Write out each record exactly as given, but do not include the pictures.
════════════════════
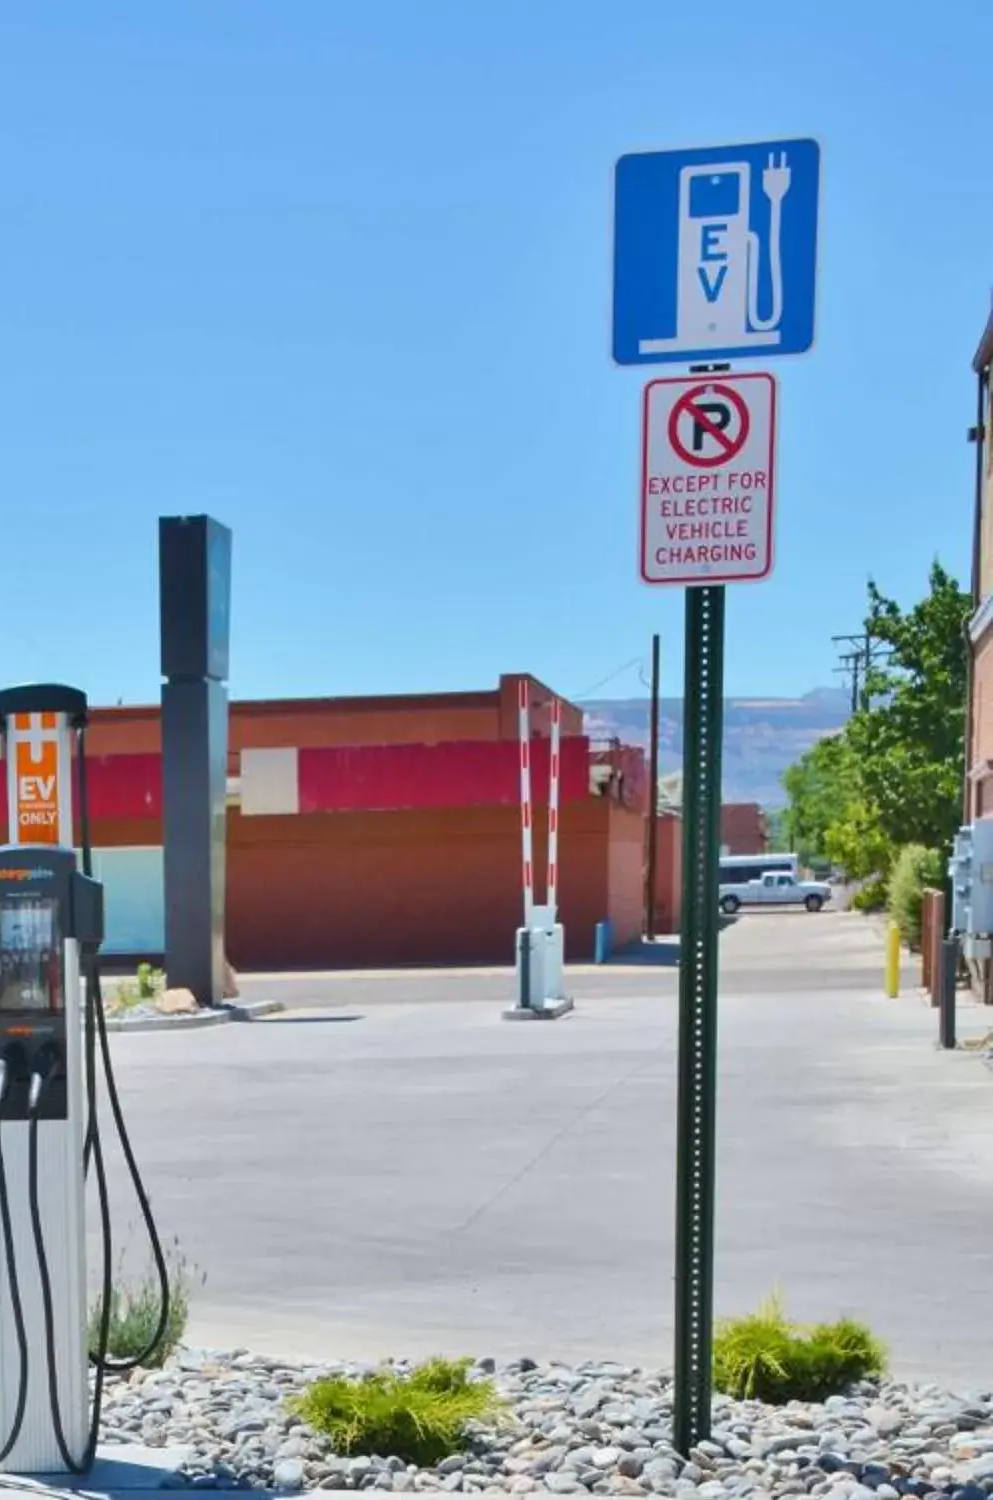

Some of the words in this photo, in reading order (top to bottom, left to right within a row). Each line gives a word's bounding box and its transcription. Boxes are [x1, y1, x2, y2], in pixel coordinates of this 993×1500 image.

[697, 222, 728, 303] EV
[693, 403, 731, 451] P
[648, 474, 718, 495] EXCEPT
[728, 471, 767, 491] FOR
[660, 496, 752, 517] ELECTRIC
[665, 520, 749, 541] VEHICLE
[655, 543, 757, 566] CHARGING
[19, 775, 56, 801] EV
[20, 811, 58, 826] ONLY
════════════════════
Answer for this exercise ::
Some of the words in this photo, in reading order (top to bottom, left to right within a row). Each line gives a word's bounding box and its transcription. Boxes are [x1, y1, x2, y2], in pixel coordinates of this 993×1500 image.

[697, 222, 728, 303] EV
[693, 403, 731, 451] P
[648, 474, 718, 495] EXCEPT
[728, 471, 767, 491] FOR
[660, 496, 752, 517] ELECTRIC
[665, 520, 749, 541] VEHICLE
[655, 543, 757, 566] CHARGING
[19, 775, 56, 801] EV
[20, 811, 58, 826] ONLY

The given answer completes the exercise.